Stored data entries
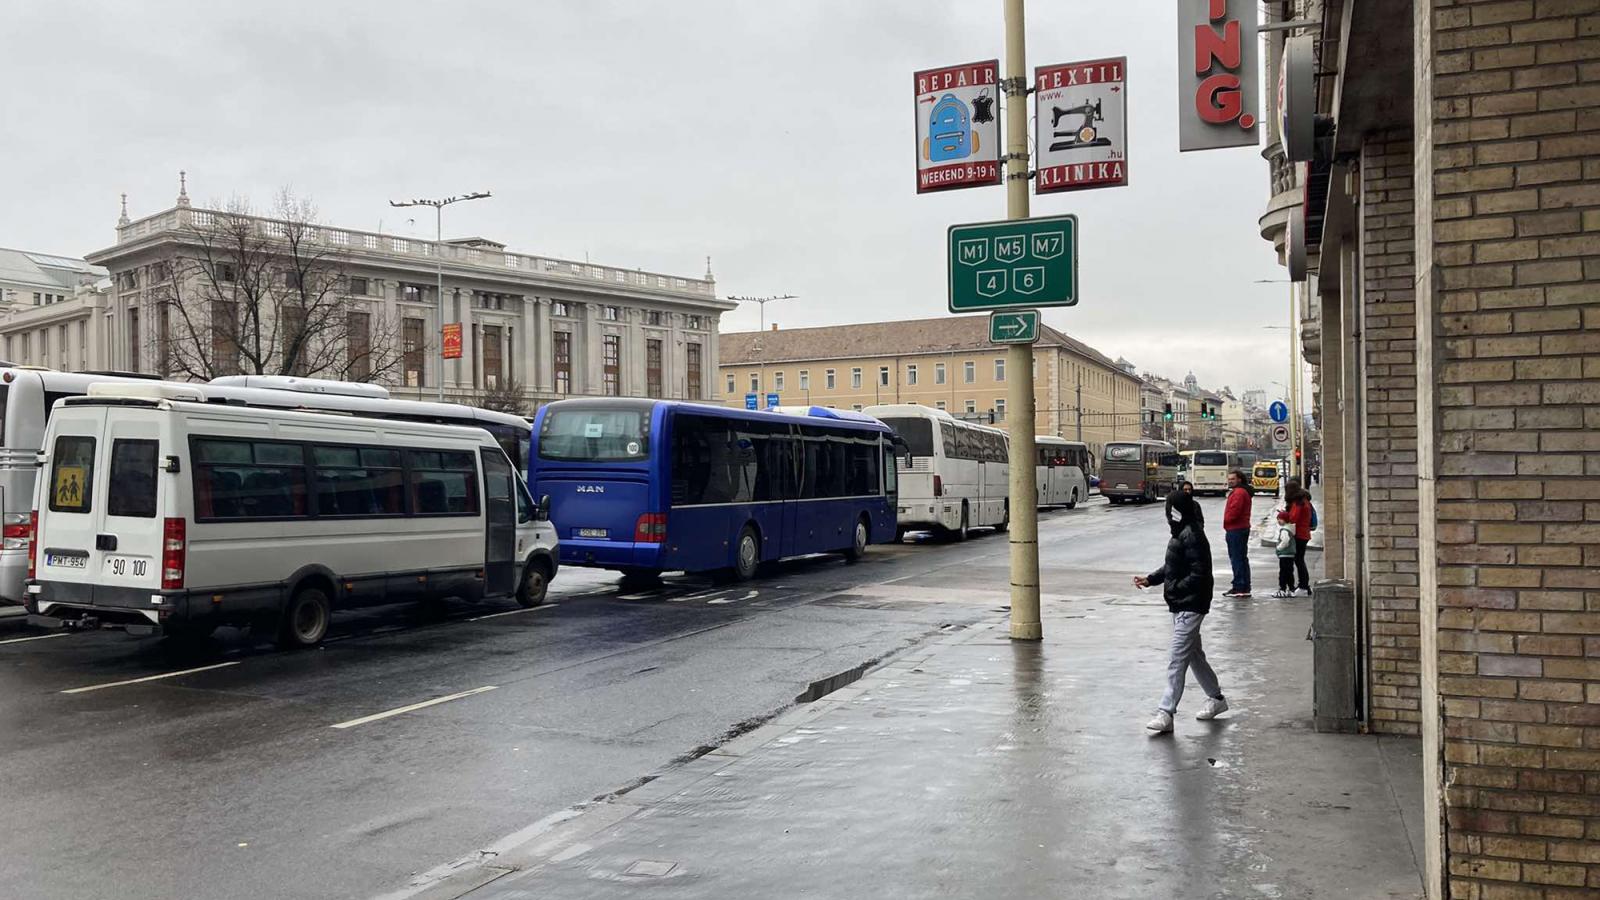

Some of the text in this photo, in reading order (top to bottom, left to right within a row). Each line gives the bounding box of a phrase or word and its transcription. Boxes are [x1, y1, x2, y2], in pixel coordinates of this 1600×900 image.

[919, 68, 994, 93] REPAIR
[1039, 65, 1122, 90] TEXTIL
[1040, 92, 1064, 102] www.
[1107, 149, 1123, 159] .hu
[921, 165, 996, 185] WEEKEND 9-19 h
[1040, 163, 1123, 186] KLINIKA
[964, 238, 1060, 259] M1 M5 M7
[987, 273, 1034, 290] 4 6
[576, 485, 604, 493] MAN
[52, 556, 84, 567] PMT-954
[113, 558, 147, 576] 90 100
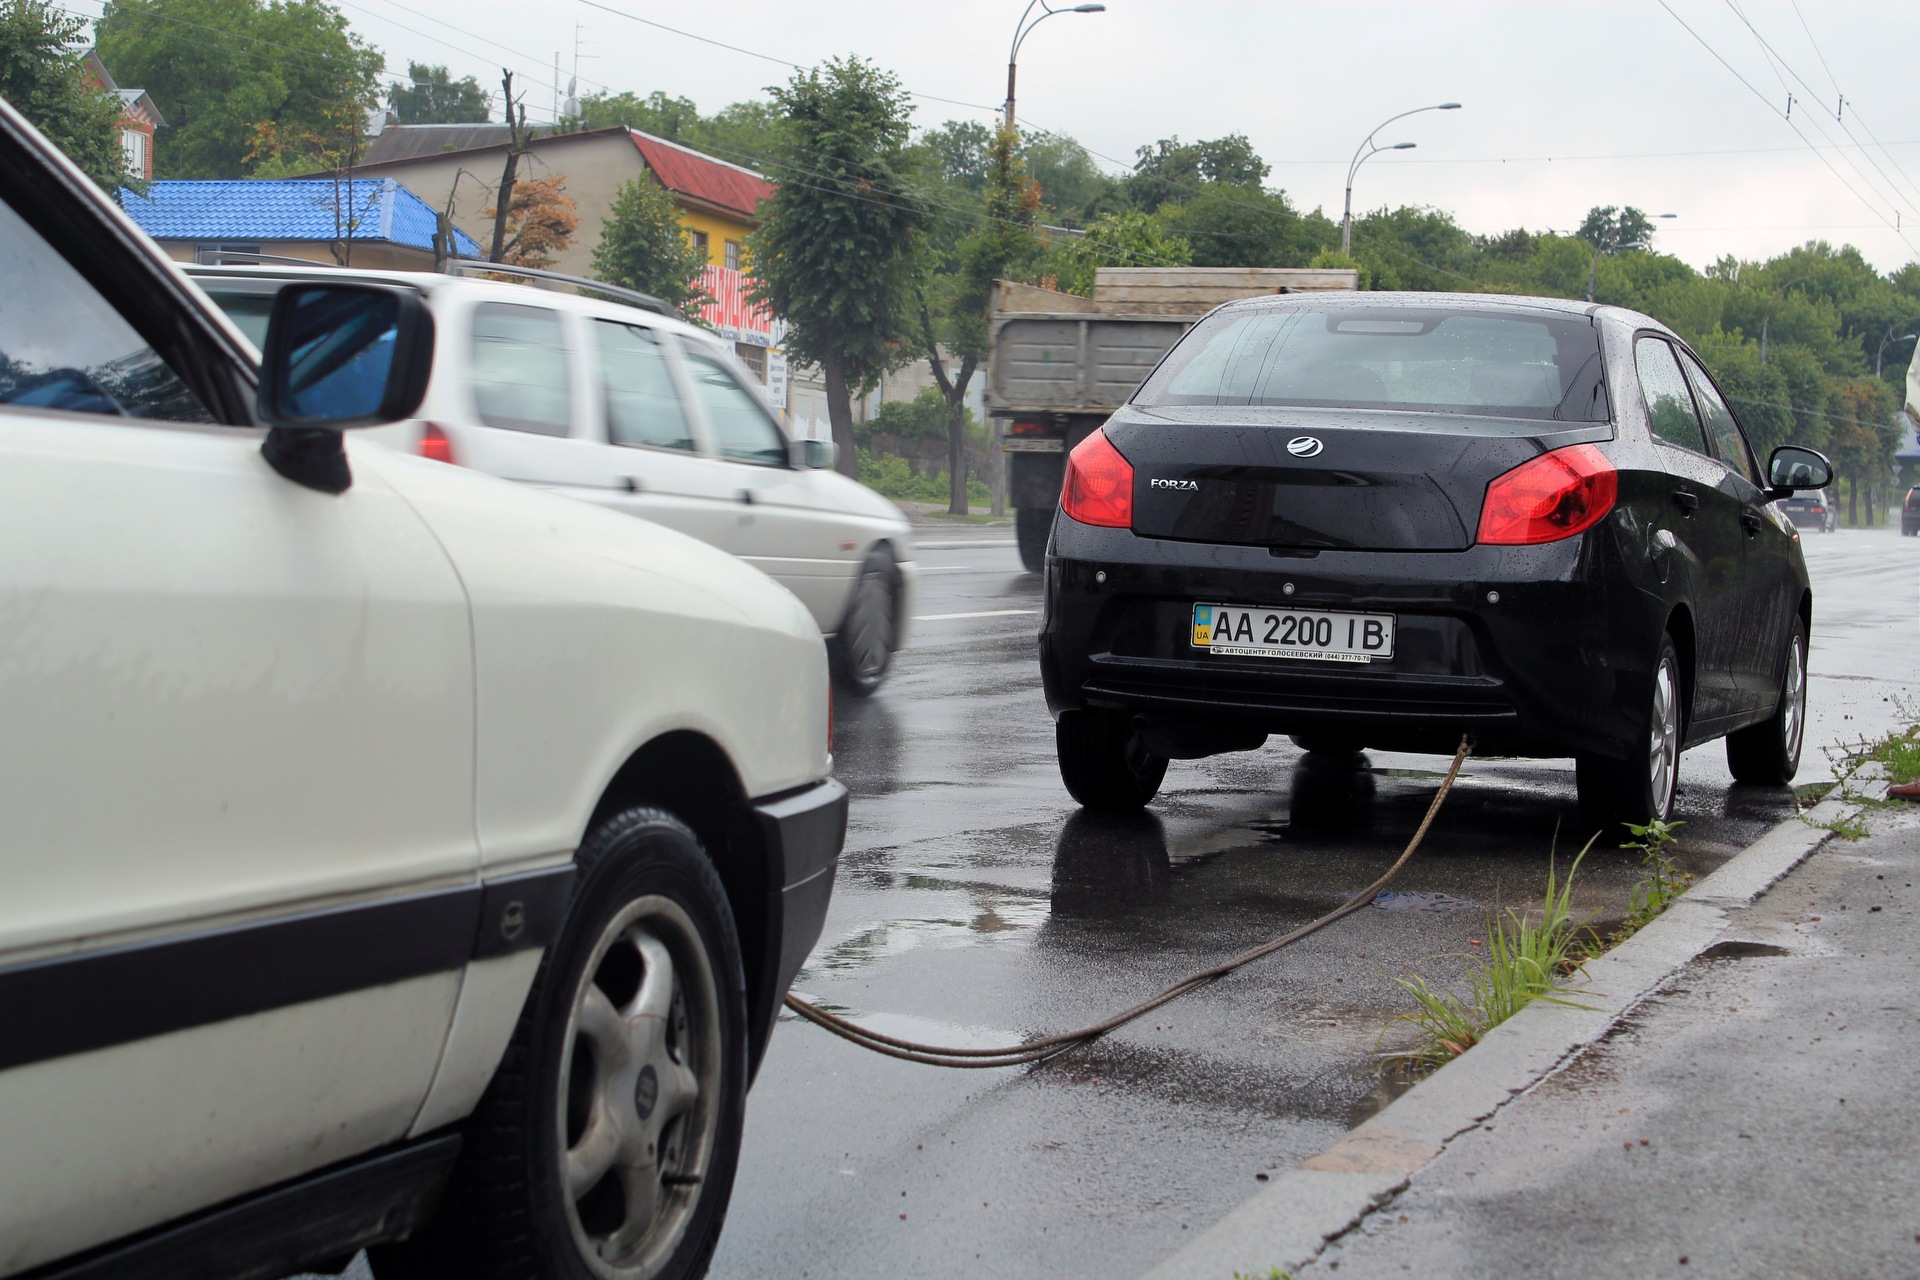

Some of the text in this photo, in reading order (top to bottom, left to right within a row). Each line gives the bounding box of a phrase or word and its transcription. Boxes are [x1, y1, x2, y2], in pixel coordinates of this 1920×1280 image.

▶ TRY IT
Every entry above needs to be copied exactly, and no pictures go with it.

▶ WRITTEN SOLUTION
Some of the text in this photo, in reading order (top to bottom, left to right within a row). Each line gives the bounding box of a phrase or word and its transcription. Boxes are [x1, y1, x2, y2], in pixel coordinates of this 1600×900 image.

[919, 68, 994, 93] REPAIR
[1039, 65, 1122, 90] TEXTIL
[1040, 92, 1064, 102] www.
[1107, 149, 1123, 159] .hu
[921, 165, 996, 185] WEEKEND 9-19 h
[1040, 163, 1123, 186] KLINIKA
[964, 238, 1060, 259] M1 M5 M7
[987, 273, 1034, 290] 4 6
[576, 485, 604, 493] MAN
[52, 556, 84, 567] PMT-954
[113, 558, 147, 576] 90 100

Some of the text in this photo, in reading order (top to bottom, left to right within a row). Each line gives the bounding box of a phrase or word and its transcription. Boxes are [x1, y1, x2, y2], in pixel coordinates of this 1920×1280 image.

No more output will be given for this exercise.